Работая над диссертацией, я сделал удивительное открытие. Я обнаружил, что Россия, как до революции, так и после нее, была многонациональной империей. В наши дни этот факт может показаться настолько очевидным, что не нуждается в пояснении. К настоящему времени выросла целая индустрия научных исследований, посвященных изучению национальностей, входивших в состав Советского Союза. Но в начале 1950‑х это было не так. Как русские, так и американцы рассматривали СССР как гигантский тигель, где, наподобие США, многочисленные этнические группы добровольно отказывались от своей национальной идентичности во имя новой всеобщей «советской» идентичности. Те немногие урожденные американцы, которые специализировались на СССР, обучались у русских эмигрантов и полностью ассоциировали страну с Россией и русской культурой. Достаточно сказать, что такой хорошо информированный и ясно мыслящий эксперт, как Джордж Кеннан, писал в то время, что Украина была настолько же полно экономически интегрирована в Советский Союз, как Пенсильвания в Соединенные Штаты: «В будущем возможно лишь минимальное нарушение этих экономических уз, и это само по себе в нормальных условиях должно обеспечить тесное политическое единство», — писал он в 1951 году[3]. Подобного рода экономический детерминизм подсознательно отражал взгляды Ленина, который в своих работах до 1917 года по этому вопросу утверждал, что экономические интересы возьмут верх над национальными и предотвратят распад царской империи. Этот тезис в модернизированной форме утверждал, что советская империя непременно выживет, несмотря на то, что все другие империи или распались, или были в процессе распада.

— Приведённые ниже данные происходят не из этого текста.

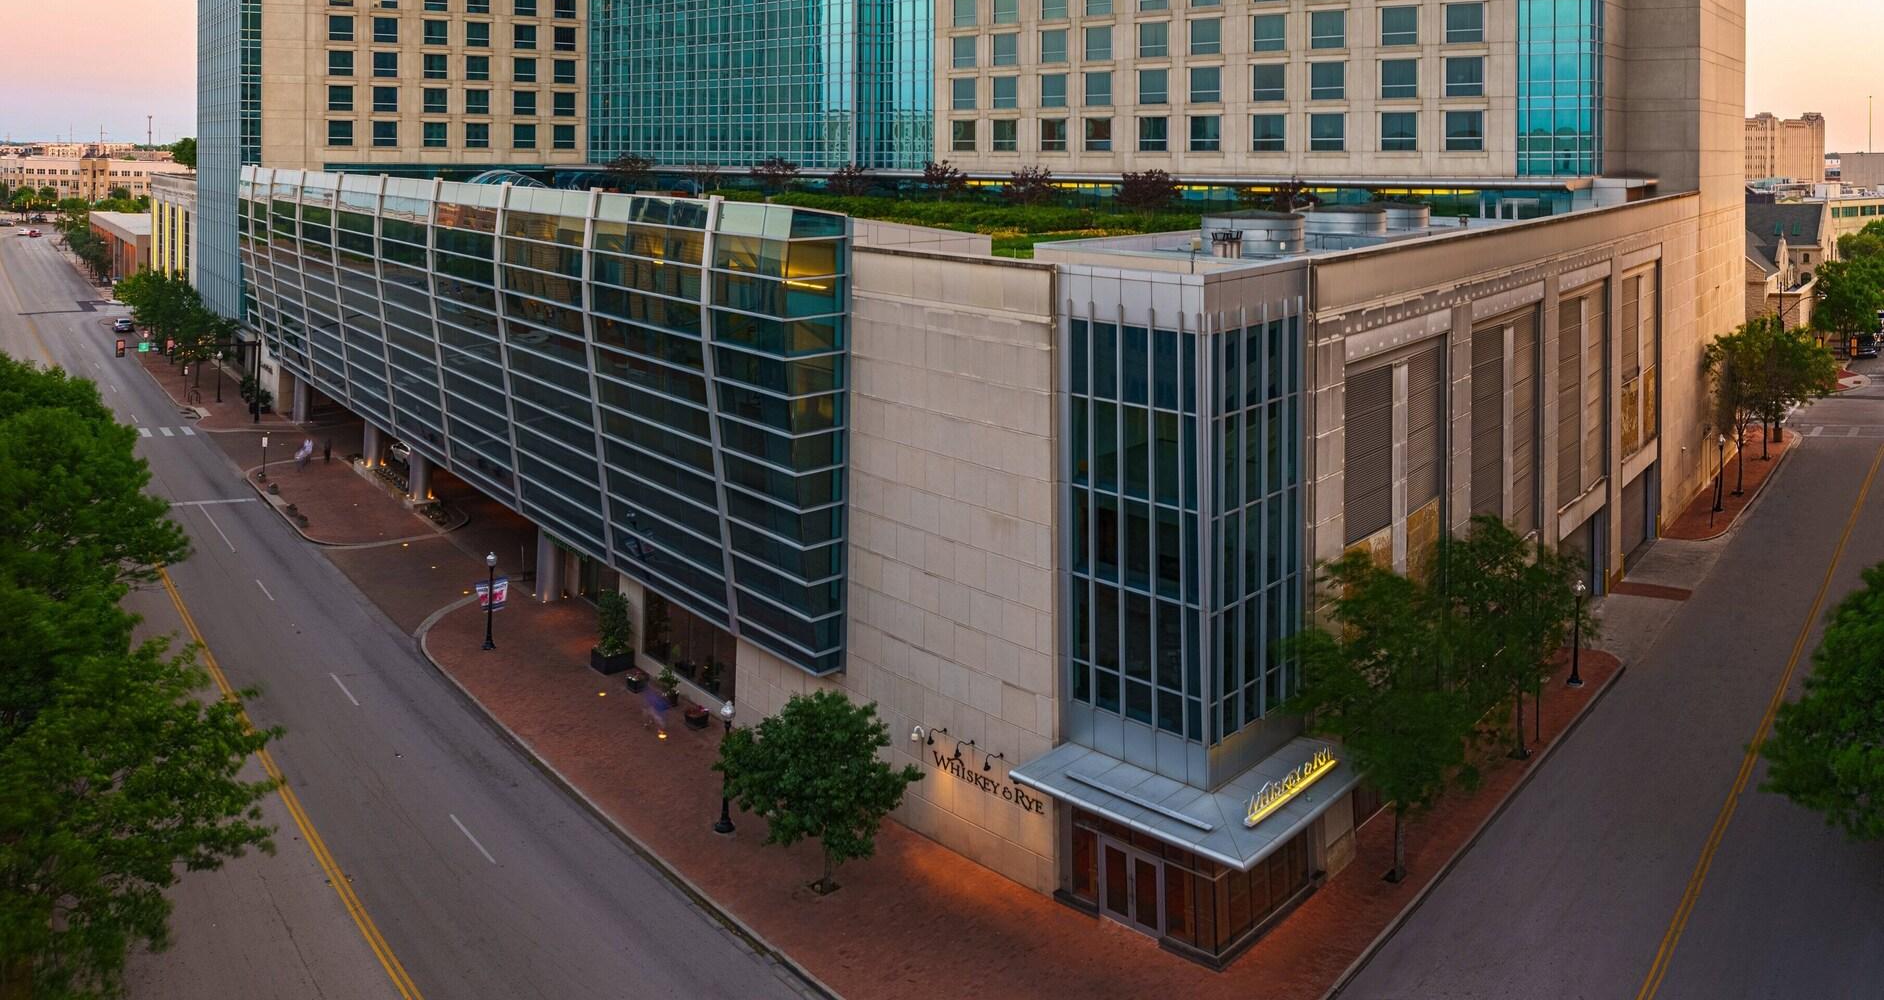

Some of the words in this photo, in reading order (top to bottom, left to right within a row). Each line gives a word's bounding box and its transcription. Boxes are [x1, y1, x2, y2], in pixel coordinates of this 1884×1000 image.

Мне не нужно было много времени, чтобы понять, насколько ошибочны были подобные аналогии между Соединенными Штатами и Советским Союзом. За исключением индейцев — аборигенов и африканских рабов, Соединенные Штаты были заселены иммигрантами, которые по собственной воле оборвали связь с родиной и приехали в Америку, чтобы обрести новую родину и стать американцами. Расселившись во множестве регионов континента, они утратили исторические корни. В России положение было совершенно иным. Она была не многонациональным государством, а империей. Эта империя была построена путем военных завоеваний благодаря более высокой степени политической и военной организации России. Подавляющее большинство покоренных народов продолжало жить на своих исконных территориях и говорить на родном языке. Несмотря на то что местные элиты должны были выучить русский в целях продвижения по службе, они благодаря этому факту не стали русскими, так же как, скажем, индусы, говорящие по — английски, не превратились в англичан. Даже советское правительство должно было признать этот факт и предоставить меньшинствам, составлявшим половину населения страны, номинальную государственность и ограниченную культурную автономию.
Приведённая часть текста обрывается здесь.